21 Responses to “McCain’s Four Quarters”

Pages: [1] 2 3 »

  1. 1
    Dellis Says:
    May 8th, 2008 at 3:43 PM

    I agree with this analysis. It is frankly incumbent upon Republican 527s to raise the issues of taxation, Iran, Iraq, and Obama’s various skeletons in his closet. This is an uphill race for McCain. Still, it’s better that the Republicans picked a centrist American hero than any of the other Republican candidates.

  2. 2
    Bob Miller Says:
    May 8th, 2008 at 3:59 PM

    How about some genuinely new ideas? So far, these have been scarce in both parties’ campaigns. If McCain offered some really good, doable ideas, through channels that the media could not block (this could be the one good use of today’s type of “debate”), that would put him more on offense. Ideally, he could expose Obama through this as a windbag with nothing substantive or practical to say.

  3. 3
    CK MacLeod Says:
    May 8th, 2008 at 4:00 PM

    I might quibble on some of the details, or at least how they’re weighed, but I agree that the scheme outlined in the main post amounts to the default program. Yet, as we’ve already seen, unpredictable events can shape the “game” much more consequentially than positioning of the conventions for ratings relative to Labor Day Weekend.

    Consider that while the extended campaign and media compliance gave Obama greater exposure and momentum during the First Quarter, he hardly came out of it all unscathed. Instead of running up the score on McCain, he at most came out with a small lead.
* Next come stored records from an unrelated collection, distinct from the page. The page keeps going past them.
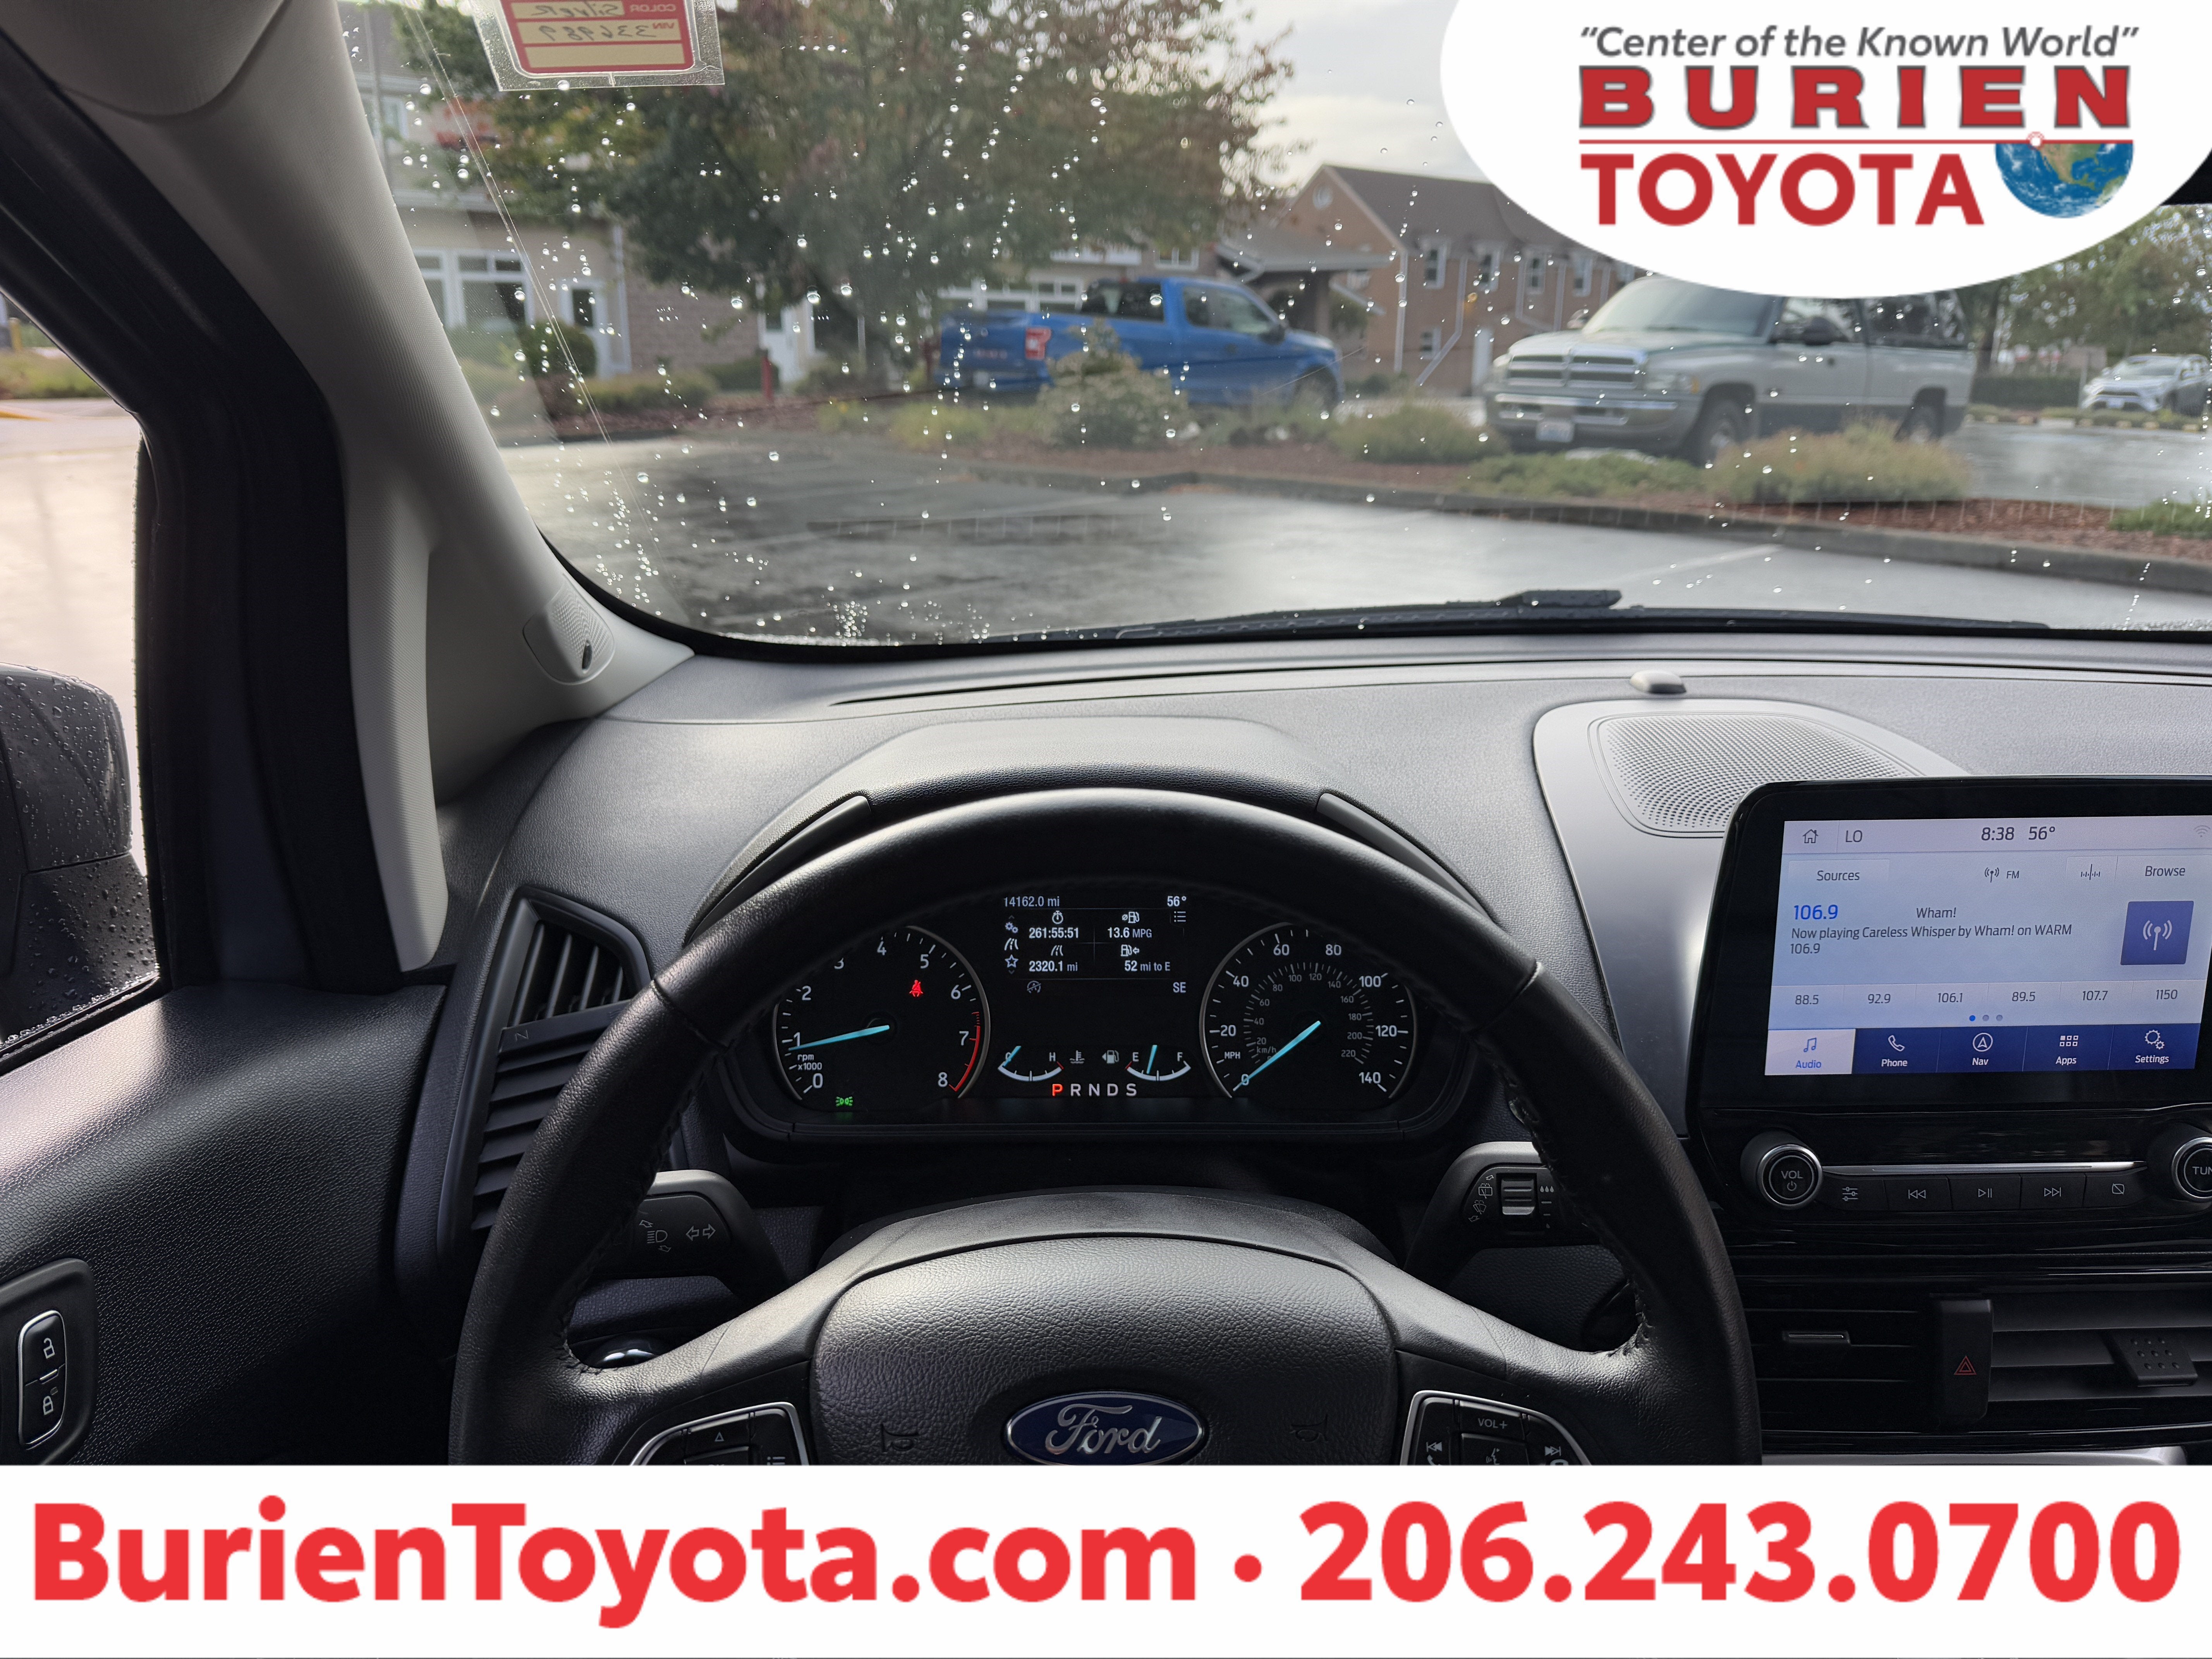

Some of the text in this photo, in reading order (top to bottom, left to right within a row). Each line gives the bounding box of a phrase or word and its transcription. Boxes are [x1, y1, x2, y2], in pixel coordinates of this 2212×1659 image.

[1845, 830, 1863, 843] LO
[1981, 827, 2014, 841] 8:38
[1816, 870, 1860, 881] Sources
[2006, 870, 2020, 879] FM
[2145, 866, 2186, 876] Browse
[1005, 896, 1060, 907] 14162.0 mi
[1794, 904, 1838, 920] 106.9
[1916, 907, 1956, 918] Wham!
[1029, 927, 1079, 939] 261:55:51
[1108, 927, 1152, 938] 13.6 MPG
[1791, 924, 2072, 940] Now playing Careless Whisper by Wham! on WARM
[877, 941, 887, 955] 4
[1273, 944, 1290, 956] 60
[1325, 944, 1341, 956] 80
[1790, 943, 1820, 954] 106.9
[920, 954, 929, 969] 5
[1029, 960, 1078, 972] 2320.1 mi
[1125, 960, 1170, 971] 52 mi to E
[1233, 976, 1249, 987] 40
[1359, 975, 1381, 987] 100
[802, 986, 811, 1000] 2
[951, 984, 961, 1000] 6
[1173, 982, 1186, 993] SE
[1795, 989, 2178, 1005] 88.5 92.9 106.1 89.5 107.7 1150
[1221, 1025, 1236, 1036] 20
[1347, 1032, 1362, 1040] 200
[1375, 1025, 1397, 1037] 120
[793, 1032, 801, 1046] 1
[959, 1031, 969, 1046] 7
[1049, 1052, 1056, 1061] H
[1132, 1052, 1139, 1062] E
[1177, 1052, 1183, 1061] F
[1881, 1055, 2169, 1067] Phone Nav Apps Settings
[798, 1062, 822, 1070] x1000
[1795, 1060, 1822, 1068] Audio
[812, 1073, 823, 1088] 0
[938, 1072, 948, 1087] 8
[1359, 1072, 1381, 1084] 140
[1052, 1083, 1137, 1096] P R N D S
[1781, 1170, 1803, 1179] VOL
[1046, 1403, 1162, 1455] Ford
Many have gone so far as to argue that the revelations about Obama and his mishandling of them have already doomed his candidacy.

    Just to give one obvious yet easily neglected further example, McCain holds what looks like an unsurmountable lead on trustworthiness in a national security crisis. At any time between now and the election, and as the turbulence in Lebanon should remind us, an event overseas can turn current national priorities upside down, and make the electorate a lot less interested in taking a flyer on the pretty boy who, though they don’t trust him as far as they could throw them, makes them feel pretty, too.

  4. 4
    Jon S. Says:
    May 8th, 2008 at 4:03 PM

    I disagree. During the summer, no one is paying much attention to anything political, so this idea of four quarters is silly. First, Obama did not at all win the first quarter, not when the polls in many key states, and even the less useful national polls, show McCain either ahead or virtually tied. At this stage of the game, the Repubs are usually way behind. And Obama has had a miserable time of it, and is not through with it yet; Hillary has bloodied him, he has bloodied himself, and she is staying in this at least for another month if not longer. This was supposed to be Obama’s big moment, and it’s been anything but. The first impression he’s made to swing state voters has been abysmal.

    After Labor Day, the battle gets joined. Then we’ll see. But McCain is in very good position right now.

  5. 5
    Ellen S Says:
    May 8th, 2008 at 4:09 PM

    I agree with both CK and Bob. Another (yet another) crisis in the Middle East, this one in Lebanon, would show how clueless Obama is. It’s easy for him to say, Iraq is a failure, I would pull us out of that quagmire. Hardly any policy of any external actor has been an unqualified success in the Middle East in the last 60 years (I don’t expect the Camp David Accords to last permanently either). This region is always a quagmire for those who intervene. Let Obama take the lead in explaining how he would handle the next MidEast crisis in Lebanon, rather than condemning McCain for the less than pleasant results of the last crisis.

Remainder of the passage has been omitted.